Connected Attribute Lists for Improved Collaborative Filtering

April 22nd, 2008

The following idea applies to reddit.com, and other sites using collaborative filtering.  (Such as Netflix)

I propose that collaborative filtering sites quiz users on their beliefs, feelings, opinions, about many random things, much like a dating site, or a “What X are YOU?” meme.  After quizzing a user, they can utilize their answers to build secondary attributes based on feature extraction of the questionnaire across all users.  They then find what secondary attributes correlate to primary attributes, through a feature extraction of users primary attributes utilizing the secondary attributes as the training set.

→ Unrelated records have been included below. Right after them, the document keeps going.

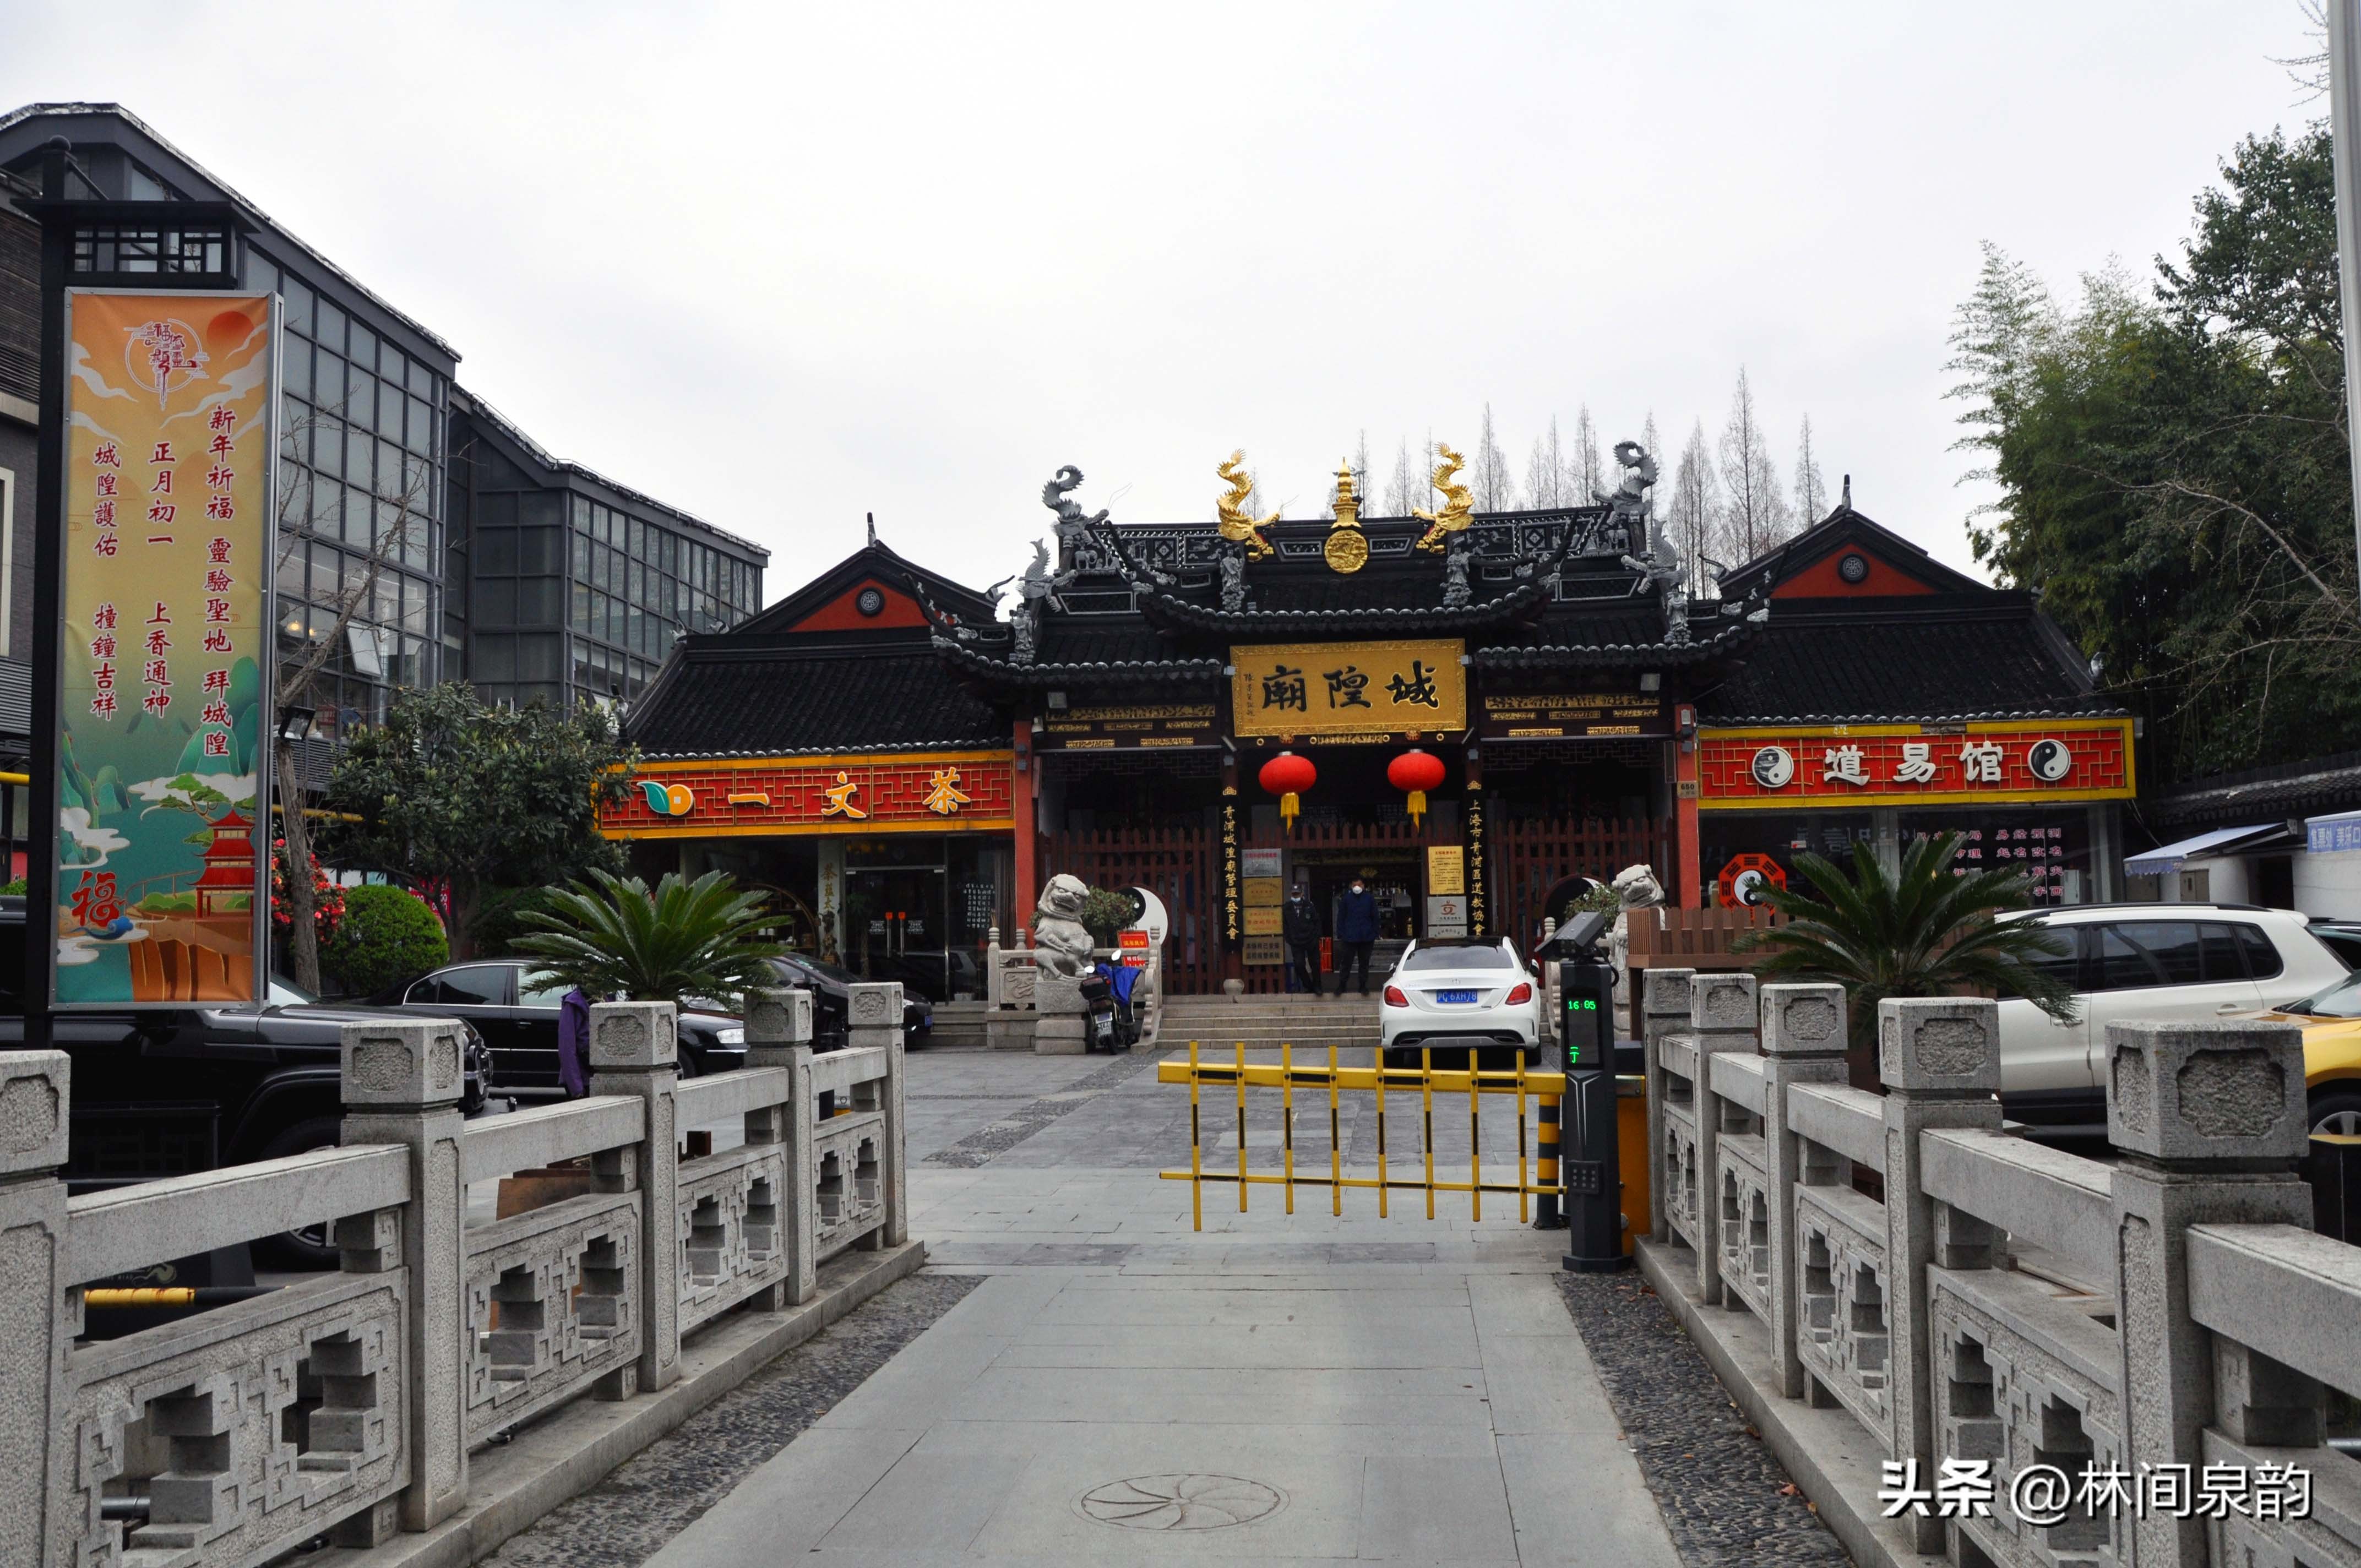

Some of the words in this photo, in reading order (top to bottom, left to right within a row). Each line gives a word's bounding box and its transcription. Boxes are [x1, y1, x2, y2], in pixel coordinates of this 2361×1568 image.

[93, 442, 121, 557] 城隍護佑
[147, 442, 176, 544] 正月初一
[206, 405, 236, 520] 新年祈福
[203, 537, 234, 653] 靈驗聖地
[90, 604, 118, 720] 撞鐘吉祥
[143, 602, 172, 718] 上香通神
[202, 671, 232, 757] 拜城隍
[1823, 741, 2004, 786] 道易馆
[728, 766, 971, 819] 一文茶
[1995, 827, 2061, 841] 易经预测
[70, 870, 127, 927] 福
[1468, 799, 1485, 937] 上海市青浦區道教協會
[1996, 846, 2063, 858] 起名改名

In other words, if a question asks:  “I think Ubuntu is better than OSX” and options are “Strongly agree?  Somewhat Agree?  No Opinion?  Somewhat disagree?  Strongly Disagreee?”  If I answer “somewhat agree”, then we make a comparison of the reddit.com attributes.  Say we find an attribute we name “Apple News Story Preference attribute” (Note that these attributes aren’t actually defined in the primary dataset, they are generated through feature extraction), then my result may show that I dislike apple news stories given my answer.  Or it may show I don’t hate them, because due to providing an opinion (and not strongly agreeing), I showed that I actually care about technology in general.  (Therefore the answer no opinion should be on a different dimension, and not part of the 1-5 scale applies to preference)

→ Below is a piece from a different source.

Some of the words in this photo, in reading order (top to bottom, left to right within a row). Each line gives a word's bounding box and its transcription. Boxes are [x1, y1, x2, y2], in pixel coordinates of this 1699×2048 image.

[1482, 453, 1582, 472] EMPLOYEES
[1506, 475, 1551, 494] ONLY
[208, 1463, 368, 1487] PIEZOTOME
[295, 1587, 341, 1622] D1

In contrast, some attributes will NOT have correspondences, such as the answer to whether or not you agree with the statement “I like the letter 352.”  It is arbitrary and random, and few attributes will relate to it in the primary attribute set, so therefore, stating any opinion on this quiz question provides no adjustment to the recommendation algorithm.  Note that correspondence of answers to primary set preferences will change as culture changes, so we shouldn’t compare 2008 answers to 2010, etc.

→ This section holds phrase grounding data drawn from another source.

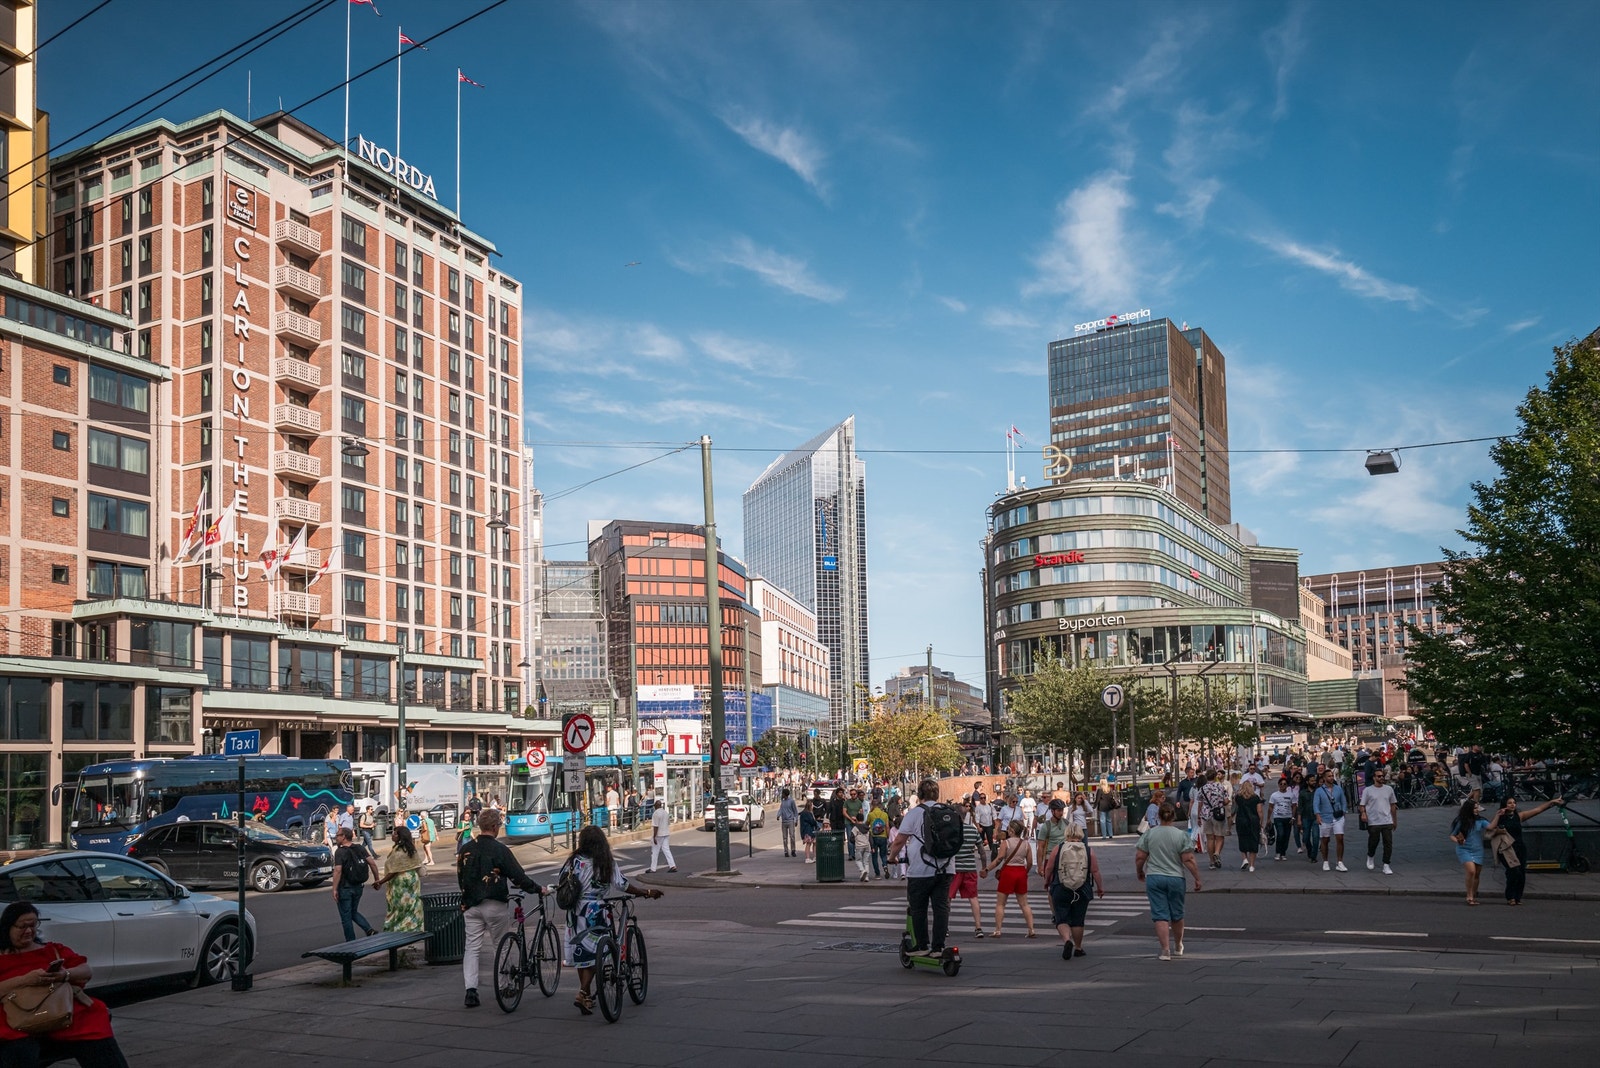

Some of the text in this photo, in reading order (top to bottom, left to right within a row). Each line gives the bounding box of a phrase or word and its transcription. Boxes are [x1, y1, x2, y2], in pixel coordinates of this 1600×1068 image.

[358, 133, 438, 201] NORDA
[230, 200, 254, 218] Clarion
[233, 208, 250, 222] Hotel
[1074, 308, 1151, 332] sopra steria
[232, 236, 251, 608] CLARION THE HUB
[1034, 550, 1085, 567] Scandic
[1059, 614, 1126, 631] Byporten
[1106, 691, 1117, 705] T
[205, 719, 254, 728] LARION
[230, 735, 255, 751] Taxi
[181, 947, 195, 959] TF84

In summary, I want the recommendation algorithm to pair me with other people who have similar primary dataset attributes, and I believe we can use a secondary dataset to boost correspondences in a sparse matrix.

PS

From a user interface standpoint, one random question could appear on the sidebar every day for users to vote up or down (Either one random new one, or one random one from a set of 50).  This would give the learner a very nice, steady building, less sparse dataset, and if you wanted to decay the strength of “old opinions” in the dataset, this’d be a great method.  Basically “which half of the reddit users online today am I like? (And does that correspond to any attribute in the primary dataset)”

Gimp & Usability

April 15th, 2008

I’m really excited right now, because I just found a Gimp internal website geared towards Human-Computer Interaction for the GUI.  I think The Gimp GUI needs a lot of work.  It hasn’t changed very much, but it’s been slowly improving.  They’ve allowed some widgets to connect.  This is unexpected for me, I didn’t think the creators were interested in entertaining differing viewpoints.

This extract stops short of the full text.